## Task inputs
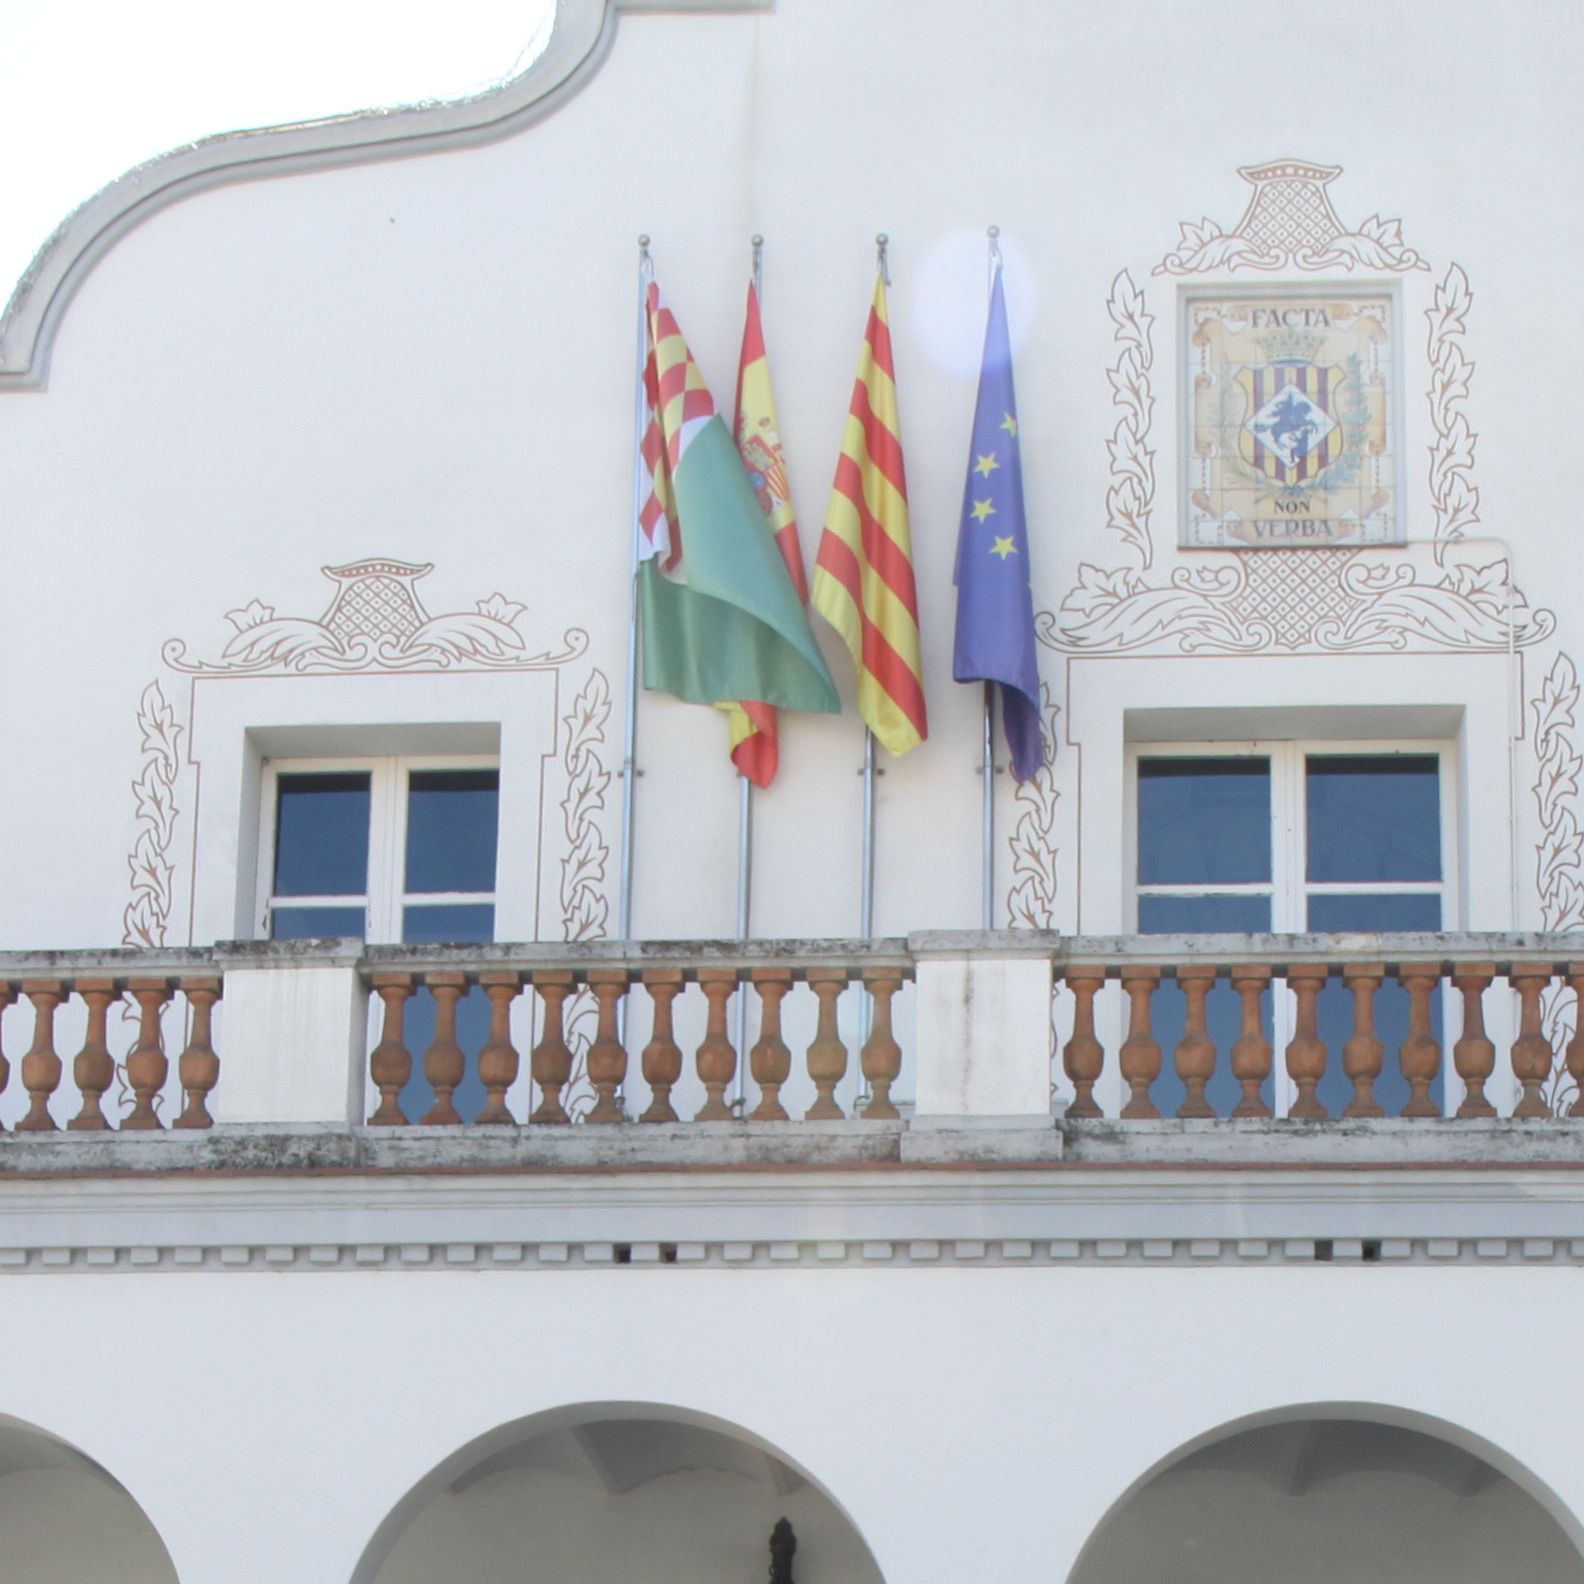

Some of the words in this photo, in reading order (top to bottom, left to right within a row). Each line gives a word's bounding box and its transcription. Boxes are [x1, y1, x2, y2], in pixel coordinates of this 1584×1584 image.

[1251, 308, 1331, 328] FACTA
[1273, 500, 1311, 514] NON
[1252, 519, 1334, 539] VERBA
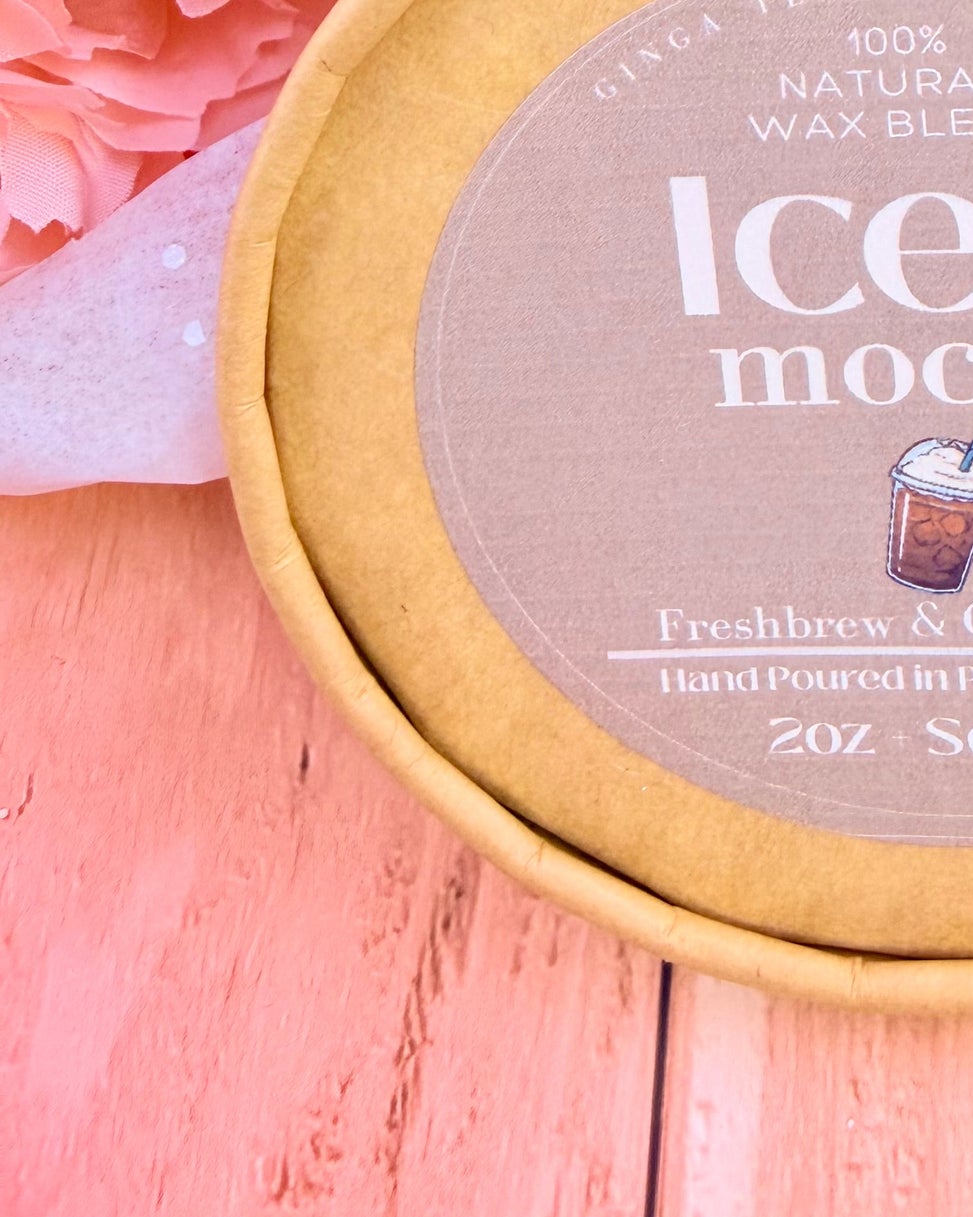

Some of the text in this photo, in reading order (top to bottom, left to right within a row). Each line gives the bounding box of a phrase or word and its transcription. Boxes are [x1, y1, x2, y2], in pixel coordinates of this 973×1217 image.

[593, 12, 721, 101] GINGA
[848, 25, 947, 56] 100%
[748, 110, 867, 142] WAX
[656, 605, 895, 642] Freshbrew
[911, 602, 946, 638] &
[660, 667, 758, 694] Hand
[768, 666, 906, 692] Poured
[914, 664, 951, 691] in
[768, 717, 876, 756] 2oz

## Instructions for the task
Images do not belong in the copy; reproduce all other parts of the records above verbatim.

## Reply
Some of the words in this photo, in reading order (top to bottom, left to right within a row). Each line gives a word's bounding box and its transcription. Boxes are [x1, y1, x2, y2], in pixel coordinates of this 1584×1584 image.

[1251, 308, 1331, 328] FACTA
[1273, 500, 1311, 514] NON
[1252, 519, 1334, 539] VERBA

Some of the text in this photo, in reading order (top to bottom, left to right within a row). Each line gives the bounding box of a phrase or word and its transcription. Boxes are [x1, y1, x2, y2], in pixel coordinates of this 973×1217 image.

[593, 12, 721, 101] GINGA
[848, 25, 947, 56] 100%
[748, 110, 867, 142] WAX
[656, 605, 895, 642] Freshbrew
[911, 602, 946, 638] &
[660, 667, 758, 694] Hand
[768, 666, 906, 692] Poured
[914, 664, 951, 691] in
[768, 717, 876, 756] 2oz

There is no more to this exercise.